To develop young red wines there are two processing systems: the classical or traditional and carbonic maceration.

In the vinification by carbonic maceration the grapes are placed whole, with scratch and unpressed, within a vessel so that the transformation of grape sugars into alcohol is carried out by the action of enzymes present in the own grapes without adding yeast. As you complete the process you can go removing the resulting must, to go squashing grapes. Are then separated, pressed and passed malolactic fermentation, between 21ºC and 265º, which converts malic acid to lactic acid, because of the action of lactic acid bacteria, the resulting wine is more smooth and stable. Traditionally, the wines are of deposits to the bottle after fermentation, without an intervening period of barrel aging, and are marketed in their first or second year of life. Floral and fruity wines are the keynote freshness and primary aromas from the grape varieties or breeds used.

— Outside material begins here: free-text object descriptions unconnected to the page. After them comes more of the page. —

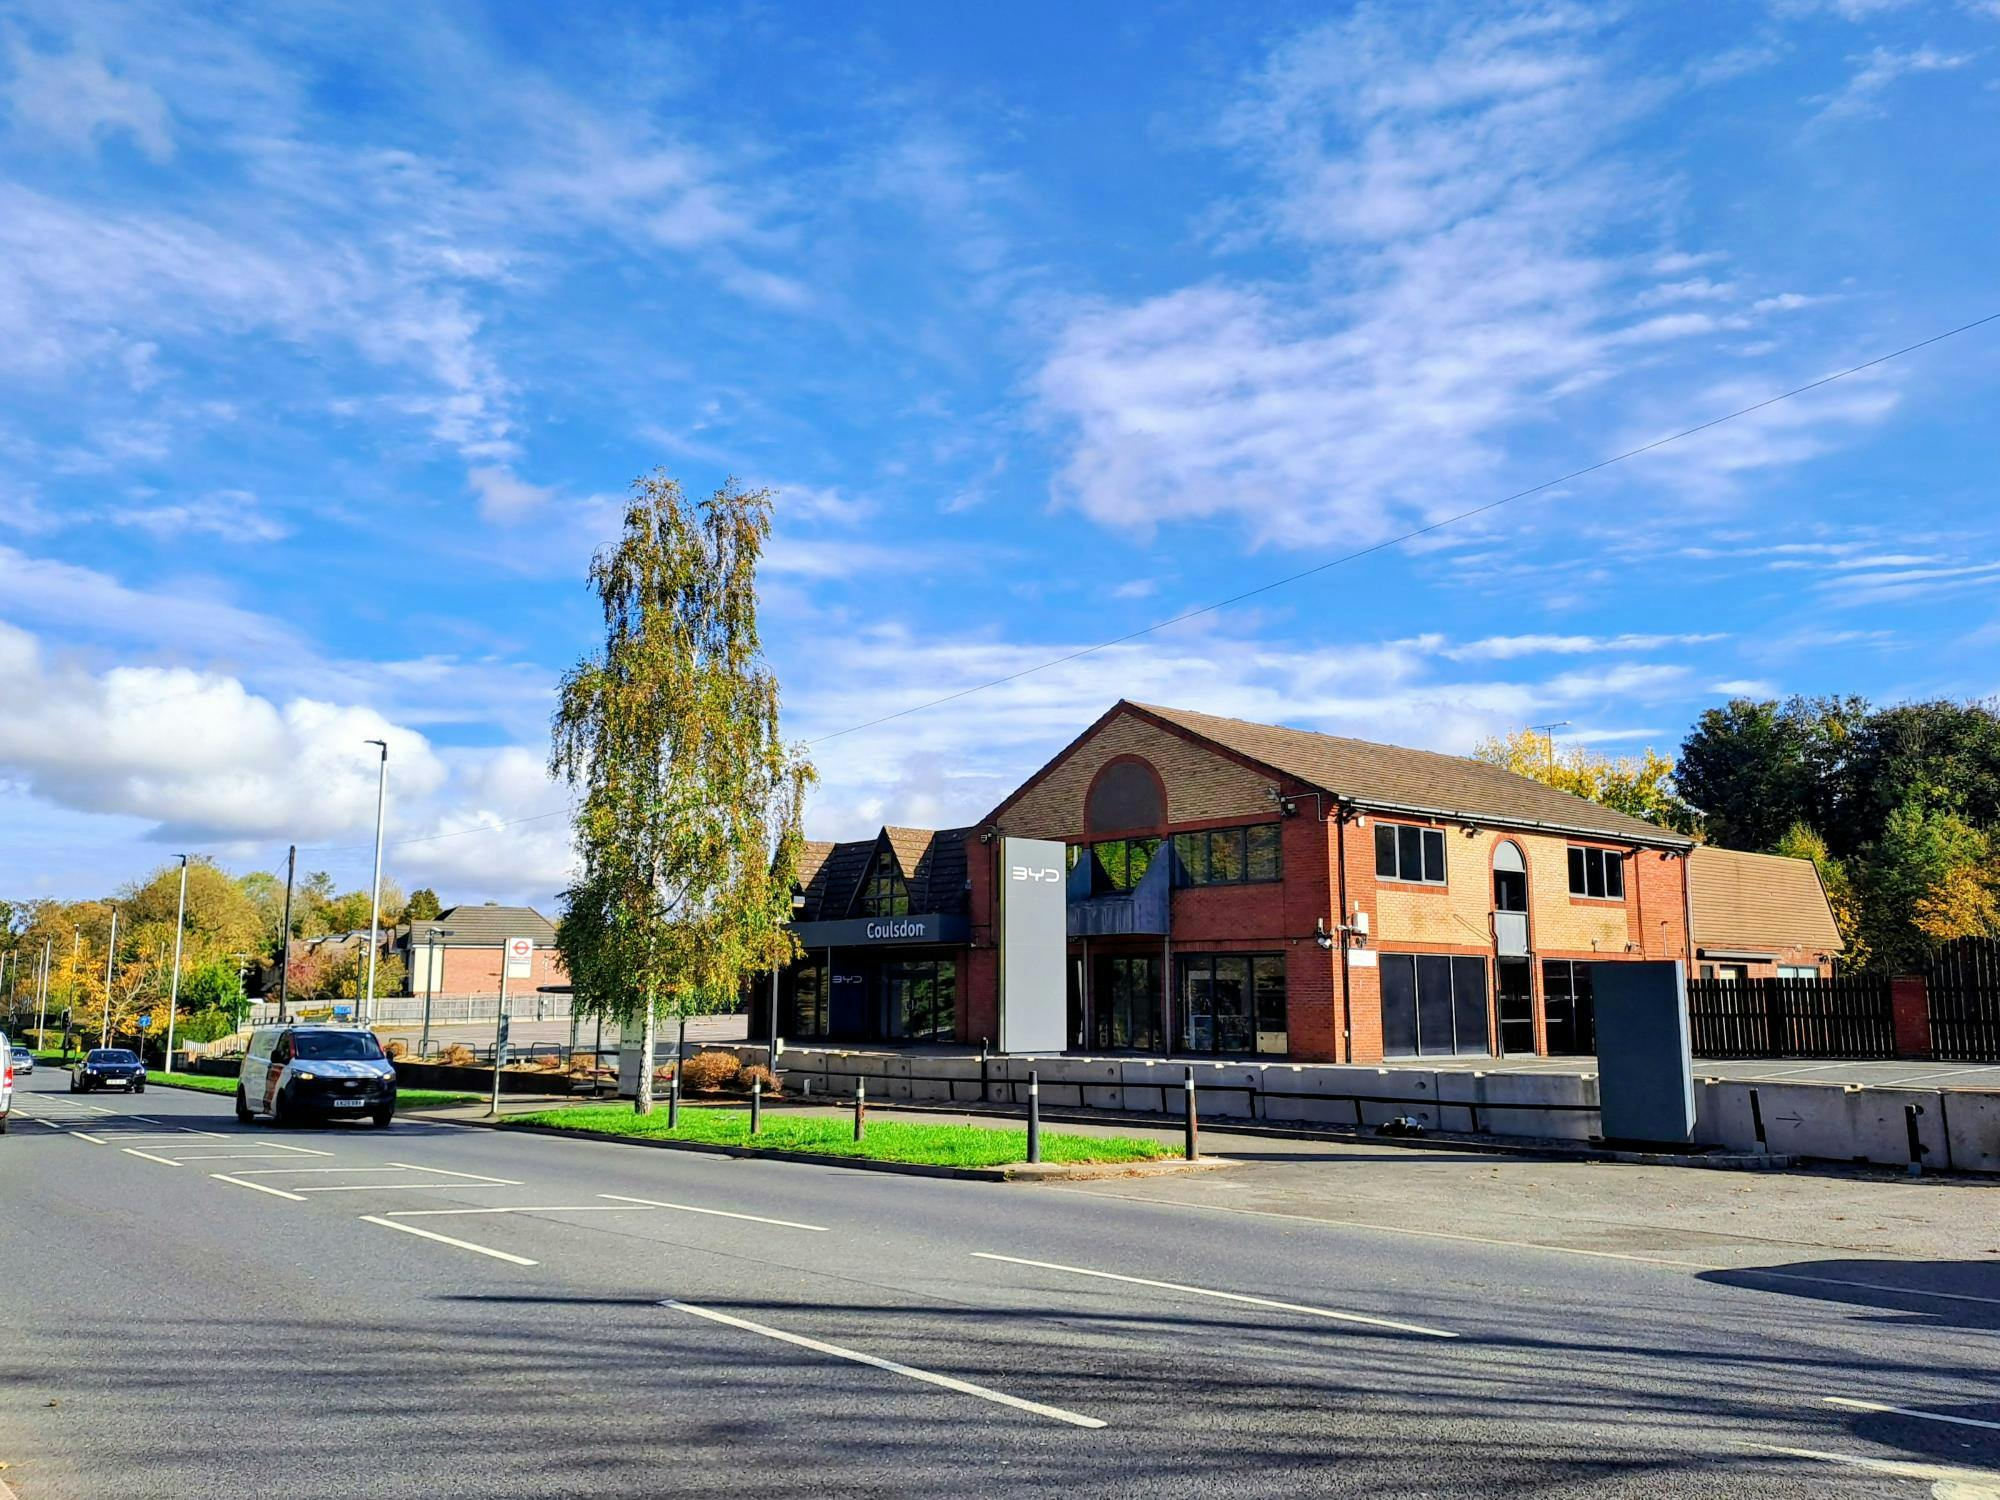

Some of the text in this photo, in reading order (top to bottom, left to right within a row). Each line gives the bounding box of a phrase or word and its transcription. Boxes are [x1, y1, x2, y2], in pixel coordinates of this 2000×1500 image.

[1012, 866, 1060, 883] BYD
[866, 919, 926, 939] Coulsdon
[831, 975, 863, 984] BYD
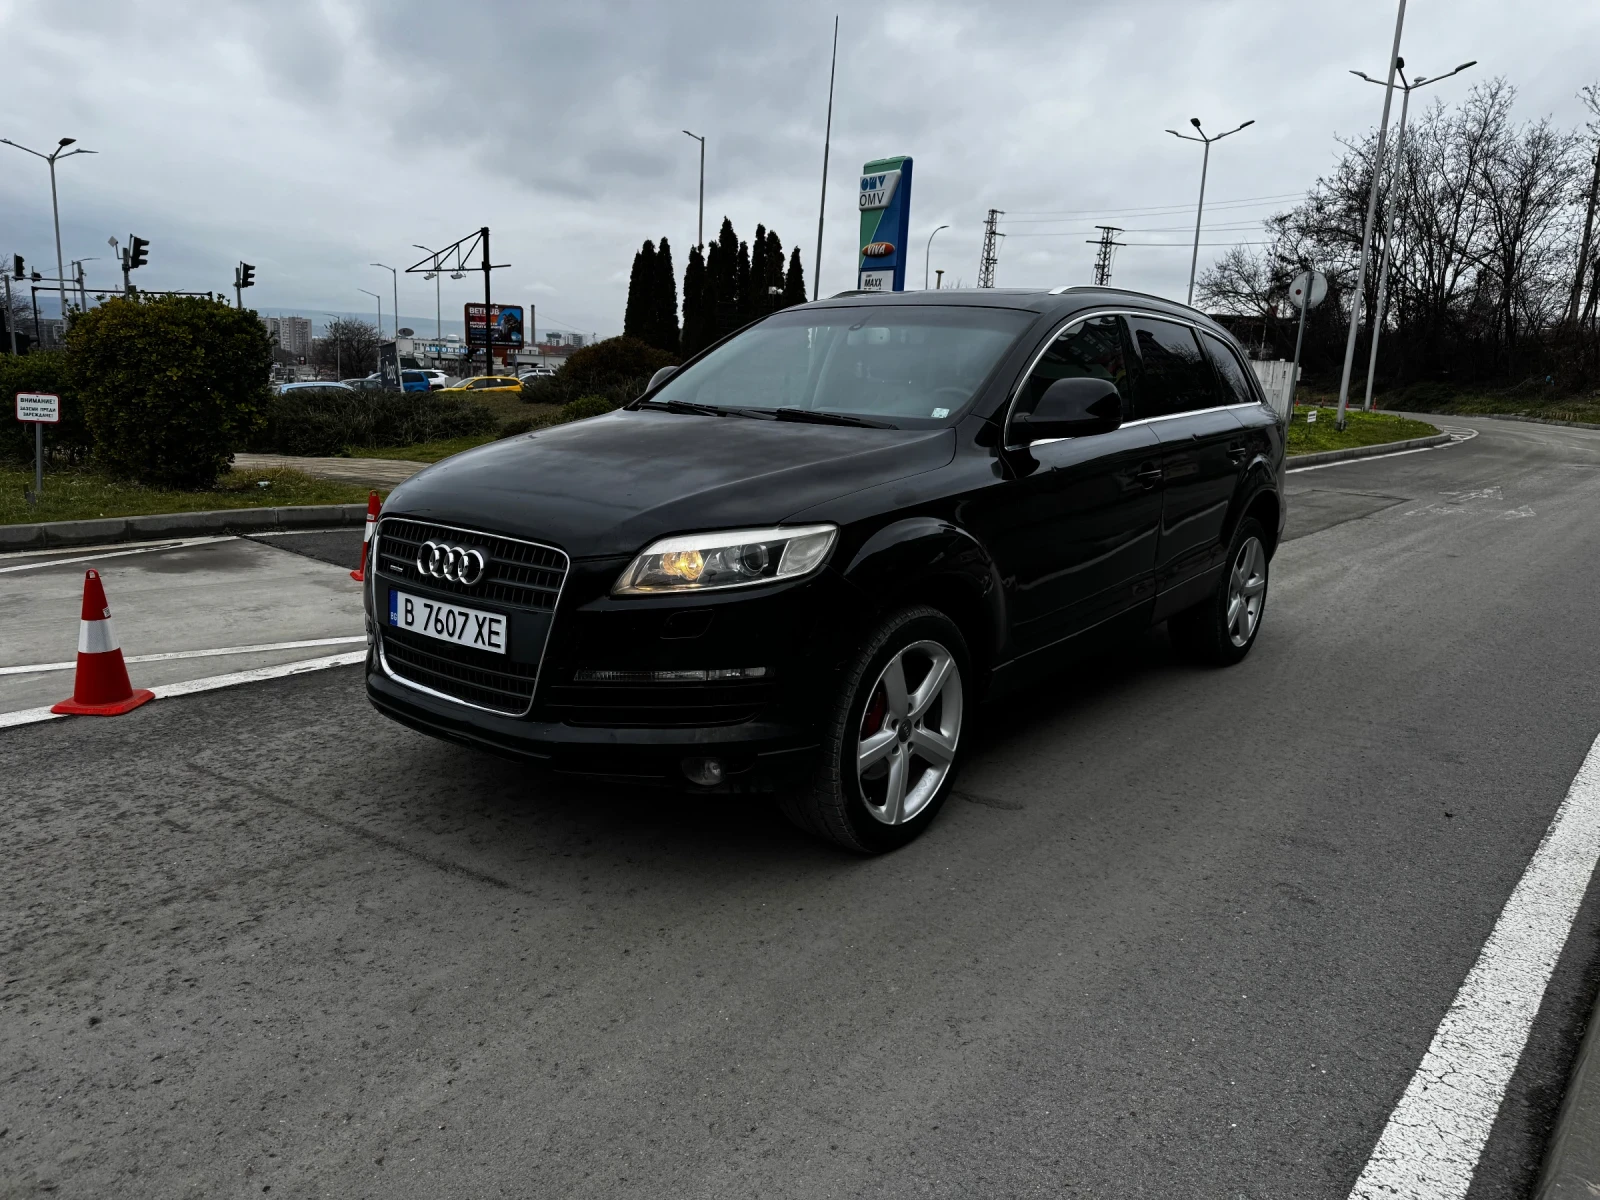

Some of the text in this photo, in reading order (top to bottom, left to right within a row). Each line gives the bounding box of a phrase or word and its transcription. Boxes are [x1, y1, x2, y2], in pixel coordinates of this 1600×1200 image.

[860, 192, 885, 206] OMV
[867, 244, 886, 255] VIVA
[864, 278, 882, 287] MAXX
[20, 397, 56, 405] ВНИМАНИЕ!
[390, 611, 398, 621] BG
[404, 597, 502, 649] B 7607 XE
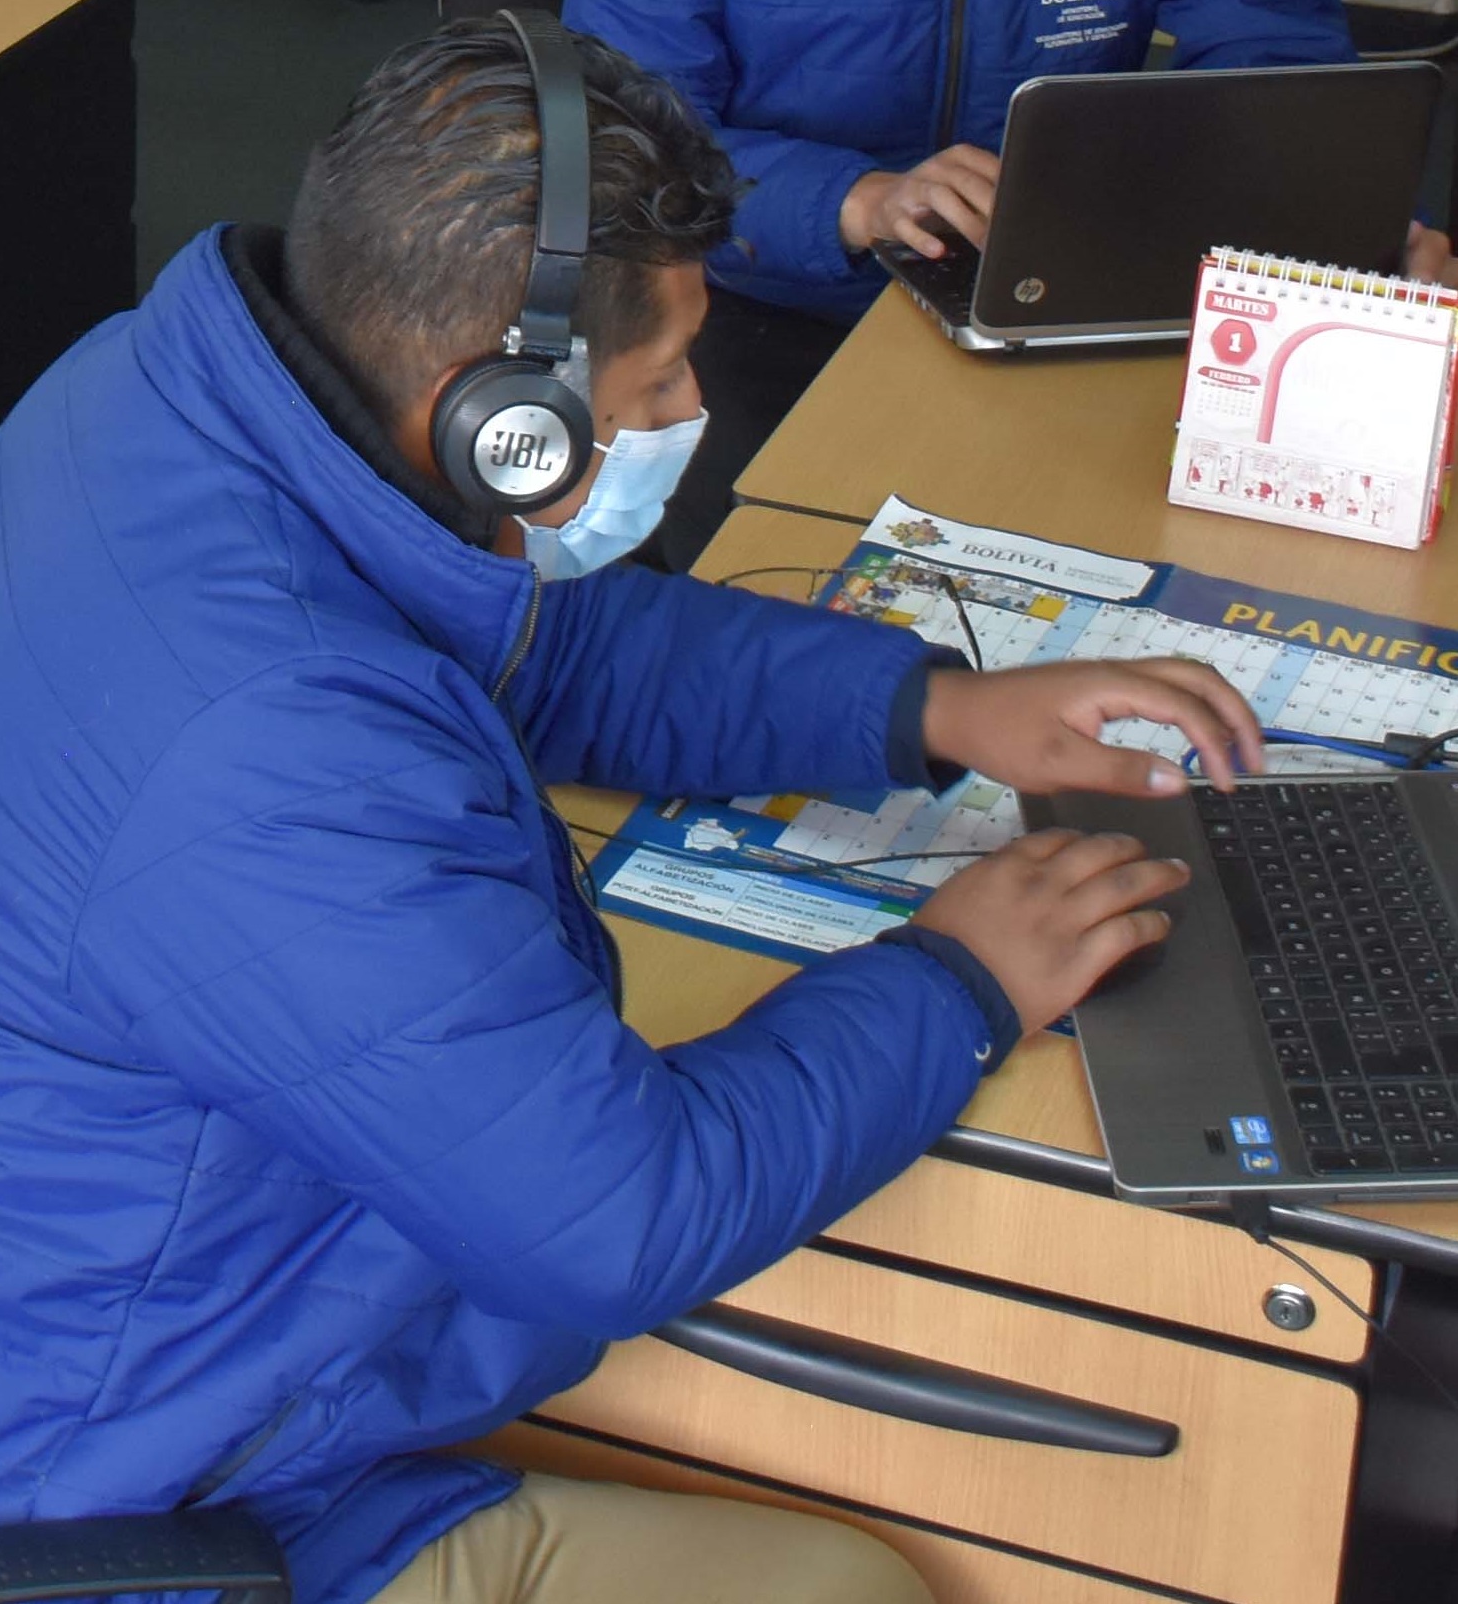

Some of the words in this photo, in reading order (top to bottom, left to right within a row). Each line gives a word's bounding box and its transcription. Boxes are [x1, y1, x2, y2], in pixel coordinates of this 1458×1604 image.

[1212, 293, 1270, 317] MARTES
[1229, 332, 1243, 354] 1
[490, 430, 553, 472] JBL
[960, 543, 1060, 574] BOLIVIA

To make the most of their properties, the young wines should be consumed within one year and a half bottling, and never after the two years following the harvest; wines are not saved, although some, for the grape variety with which they develop, maintain its characteristics until 3 or 4 years later. In any case, after six months, the wine begin to evolve in the bottle, with changes that reduce its initial freshness.

Whatever the type of wine, young wines should be taken into wine glasses. Accompany any vegetable stews, cooked meats of all kinds. They are also for pasta dishes, sausages and semi-hard cheeses. It is recommended to serve at a temperature between 10°C and 15°C.